In the last few years, 2 of the people arrested for the crime died in jail of excruciating deaths; both literally wasting into nothingness. The “happily ever after” Ashley & Blue Markham, are embroiled in a low key divorce that was originating prior to the death of Ashley’s parents. The looming divorce was sidelined to make the facade of a loving family play better in the media–local and national.
The theater at each and every trial, as well as each of the 2 compassionate release hearings were full of drama from the ever sobbing Ashley Markham and her doting husband, Blue.

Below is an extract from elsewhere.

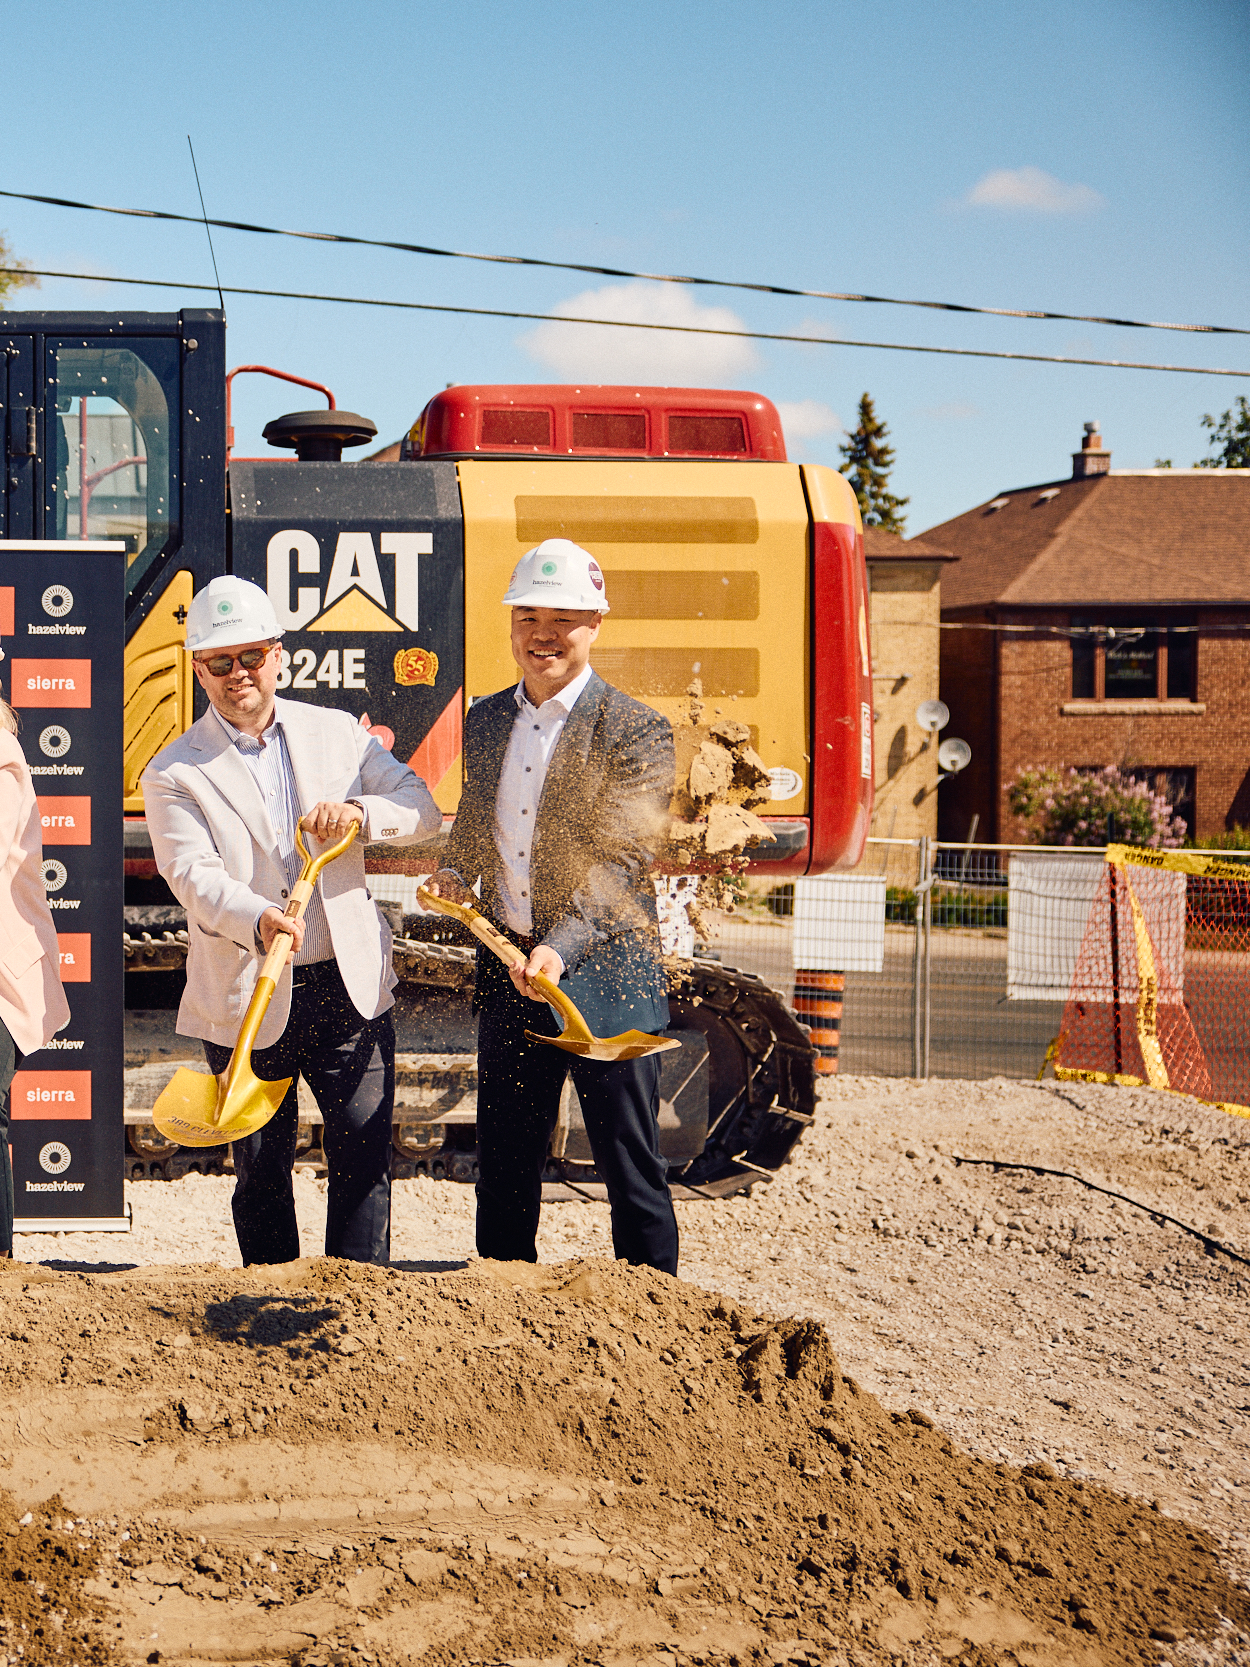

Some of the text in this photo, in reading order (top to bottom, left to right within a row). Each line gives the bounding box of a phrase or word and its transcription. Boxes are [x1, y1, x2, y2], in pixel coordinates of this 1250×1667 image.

As for the main face in the media for this crime, David Morgan has proven himself to be an absolute buffoon and more worthy of Barney Fife’s one bullet than a sheriff’s star. Morgan has turned Escambia County into a joke on a national scale, with proclamations of witches killing citizens, the youth of the community being “Super-Predators”, likening his “Welsh-ness” to “Black-ness”, and even that the motive of the murder of a child on his watch was “not his concern”. Most recently, after being completely worked around in a multi-agency murder case, he declared in a press conference a nonsensical assertion about the rate of “solved” cases in the area. With all the buffoonery that has come since this case, looking back, doesn’t the pattern of forcing a scenario despite the facts, fit?
To anyone who has any knowledge of criminal justice, law enforcement or even people who have watched a cop show, David Morgan makes every person trying to make the county a better place, look like some sort of “Jackass” version of policing, because he is supposed to be their leader, not their mascot.

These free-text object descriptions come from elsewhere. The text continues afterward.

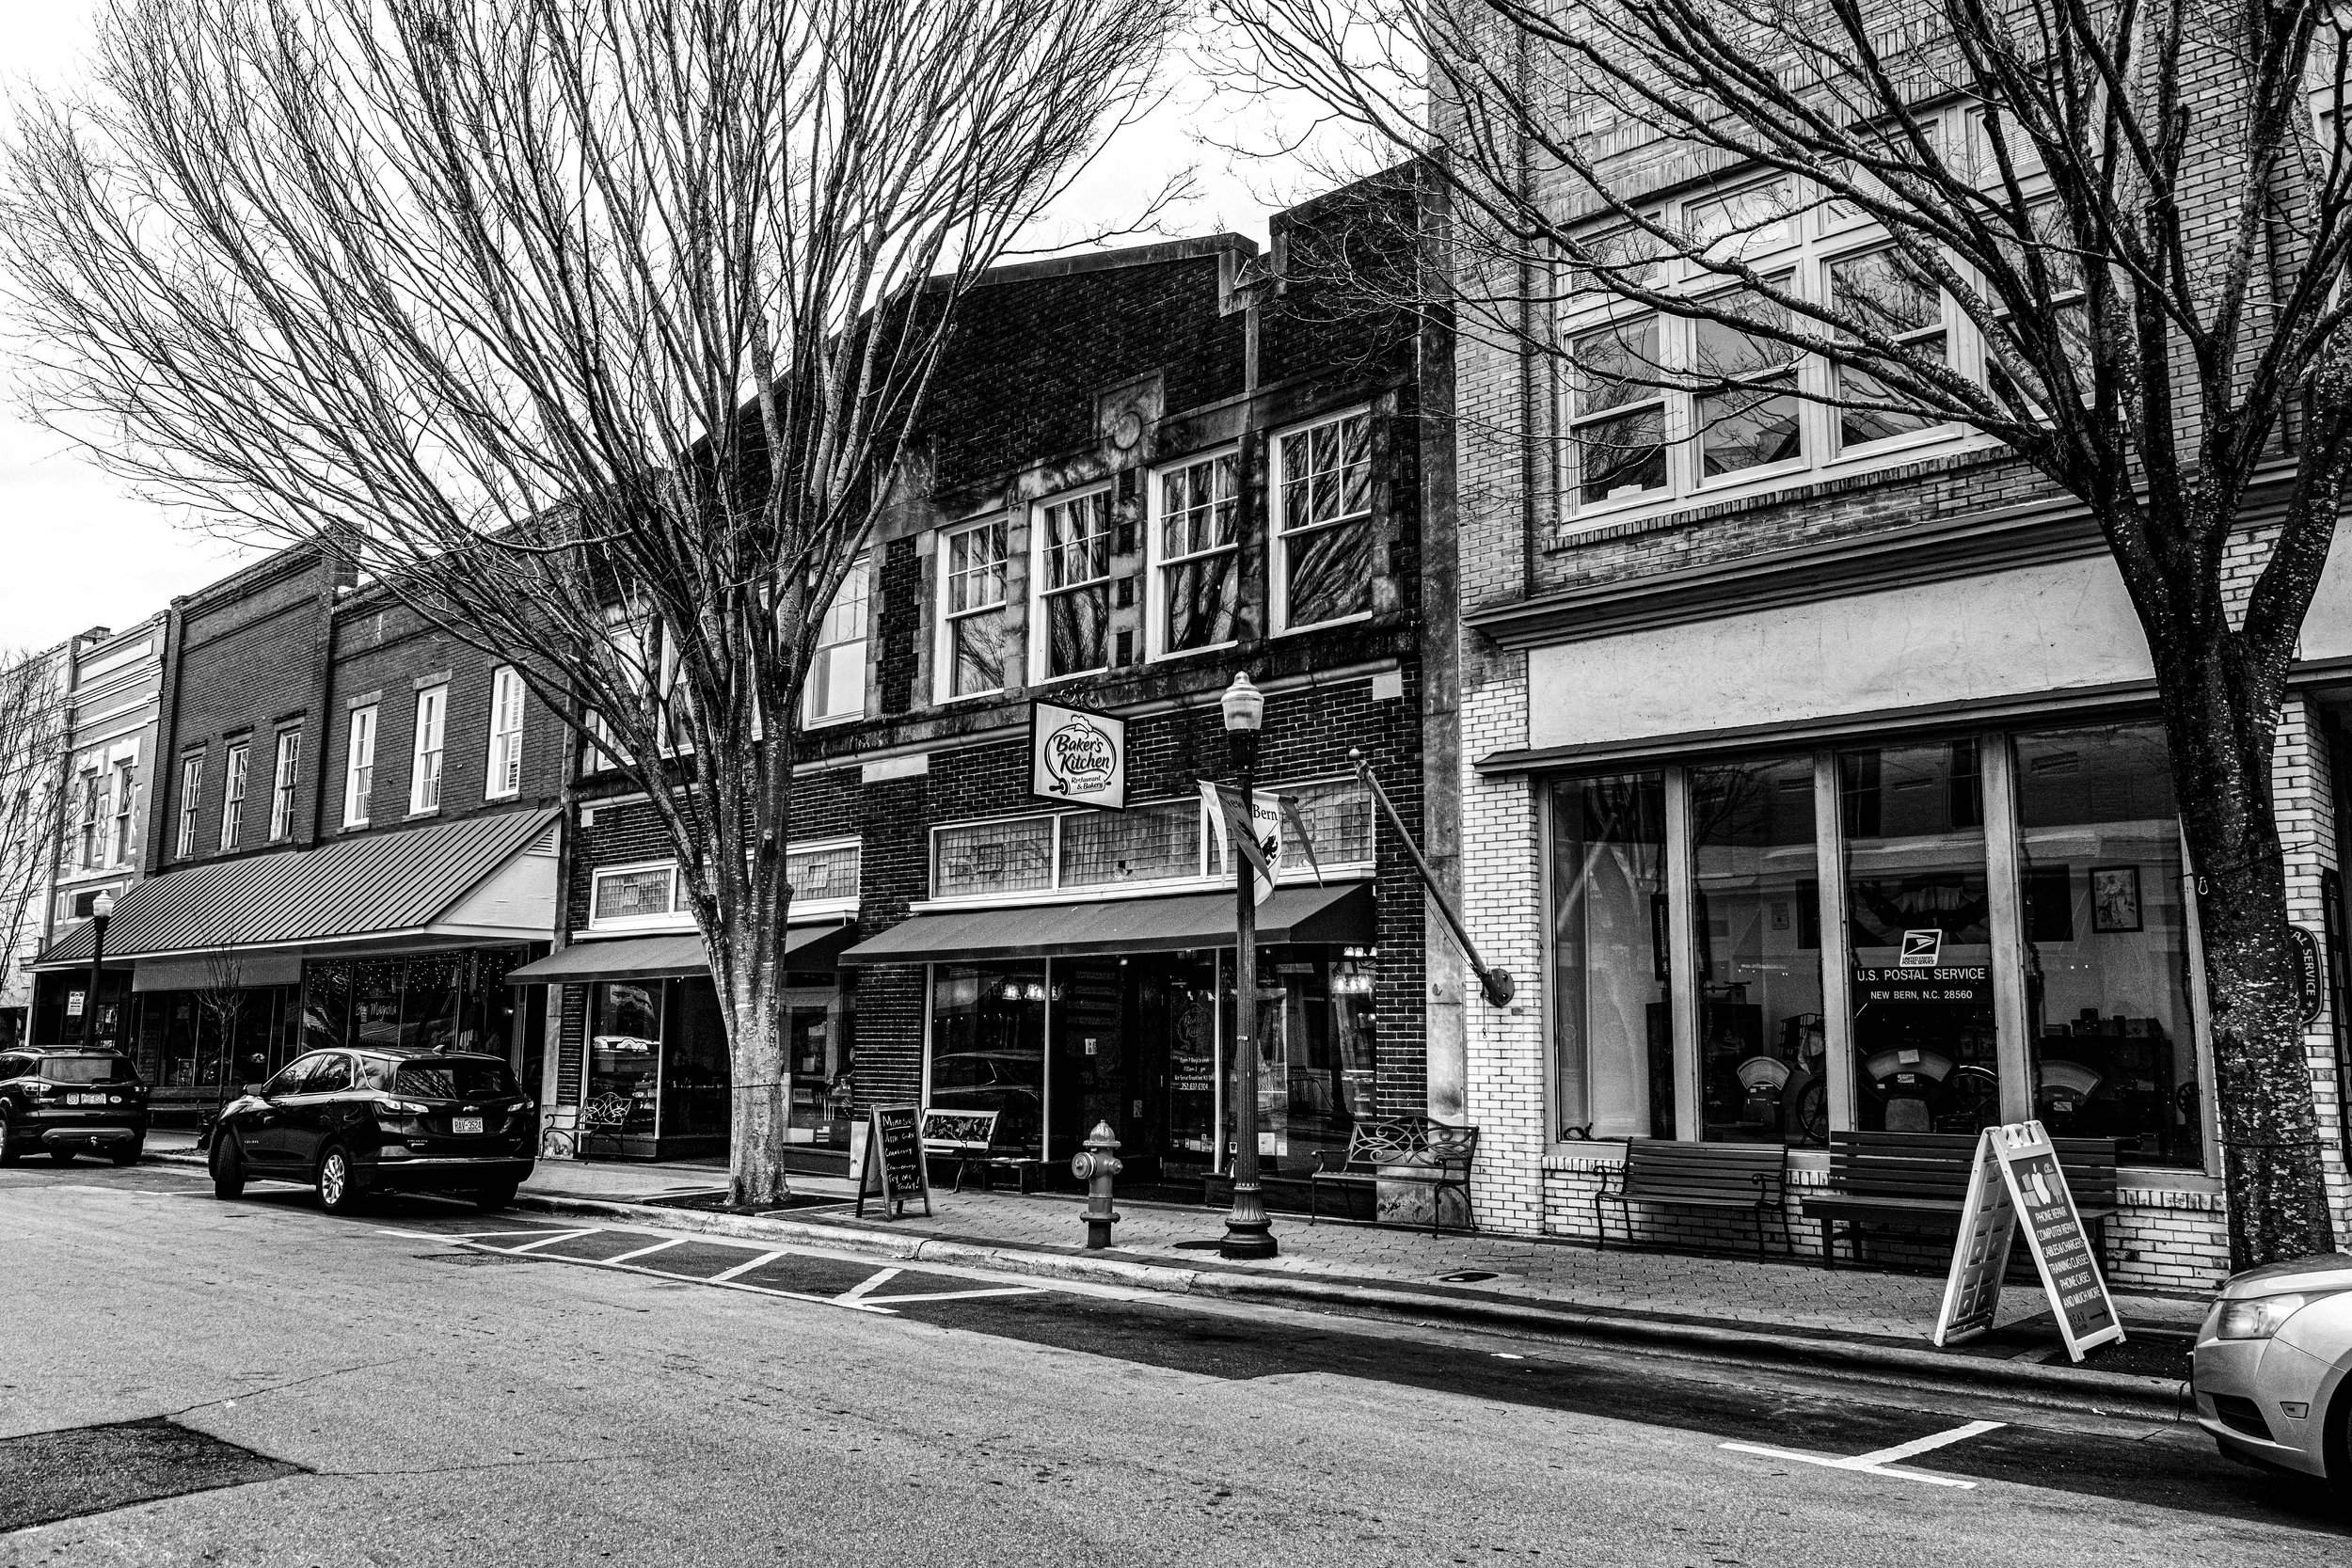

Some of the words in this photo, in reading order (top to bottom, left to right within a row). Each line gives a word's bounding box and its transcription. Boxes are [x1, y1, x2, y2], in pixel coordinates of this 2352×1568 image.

[1053, 734, 1104, 753] Baker's
[1057, 752, 1109, 775] Kitchen
[1072, 775, 1101, 784] Restaurant
[1083, 782, 1103, 790] Bakery
[1252, 803, 1279, 820] Bern
[1857, 970, 1879, 981] U.S.
[1883, 969, 1929, 981] POSTAL
[1933, 968, 1985, 980] SERVICE
[2302, 948, 2316, 996] SERVICE
[1870, 990, 1890, 1000] NEW
[1893, 990, 1919, 1001] BERN,
[1922, 990, 1940, 999] N.C.
[1944, 990, 1973, 999] 28560
[888, 1174, 898, 1184] Try
[2035, 1209, 2053, 1223] PHONE
[2051, 1206, 2068, 1219] REPAIR
[2037, 1225, 2061, 1241] COMPUTER
[2060, 1221, 2078, 1234] REPAIR
[2042, 1243, 2060, 1258] CABLES
[2062, 1237, 2084, 1252] CHARGERS
[2048, 1259, 2072, 1275] TRAINING
[2070, 1253, 2090, 1268] CLASSES
[2059, 1275, 2077, 1291] PHONE
[2075, 1271, 2090, 1285] CASES
[2063, 1295, 2074, 1308] AND
[2073, 1290, 2089, 1305] MUCH
[2088, 1286, 2102, 1300] MORE

In the Billings case, someone on the inside took the easy way out by going after the “robbery” angle rather than the most legitimate answer being, Billings was killed for some interaction in his business, illegal business. When you play with cartels and then are murdered, should anyone be shocked? The fact this case was investigated excluding the theory that business associates of either his previous strip club affiliation, or crossed colleagues and/or ripped off clients from his “Buy Here, Pay Here” lot. Even the most traditional motive, greed of someone looking to inherit was NEVER INVESTIGATED.
Veteran law enforcement from ECSO and outside agencies have come forward to say that they knew this case was improperly handled from seeing it handled from a perspective different than that of the average citizen. The magnitude of the case (multiple agency involvement, number of suspects & people of interest) was such that there was no scenario, even with confessions, that could have been adequately investigated to rule out other theories and suspects of this heinous murder. A narrative was formed that was clean and fit the public relations option the agency took in keeping Bud Billings’s life “clean” when it was far from that. Seven people with sketchy, questionable or who were black, were arrested, bullied into confessions to stay off that pesky death sentence needle. None of the stories match up and so many loose ends, simply dropped while national media watching, some of which are criminal justice experts were fawning over Morgan for his stellar performance as a new Sheriff in a complex double murder. He took that praise and spun it to his own political gain.
Ashley & Blue got the bulk of their parents’ estate, cutting out siblings like Justin and Kristen. They also took over the disabled kid cash grab with the number of kids ( roughly $3000 a month per child in state assistance), along with the predatory car lot. To top it all off, Ashley got Oprah’s sympathy as well as the infamous “hug” by Sheriff Morgan.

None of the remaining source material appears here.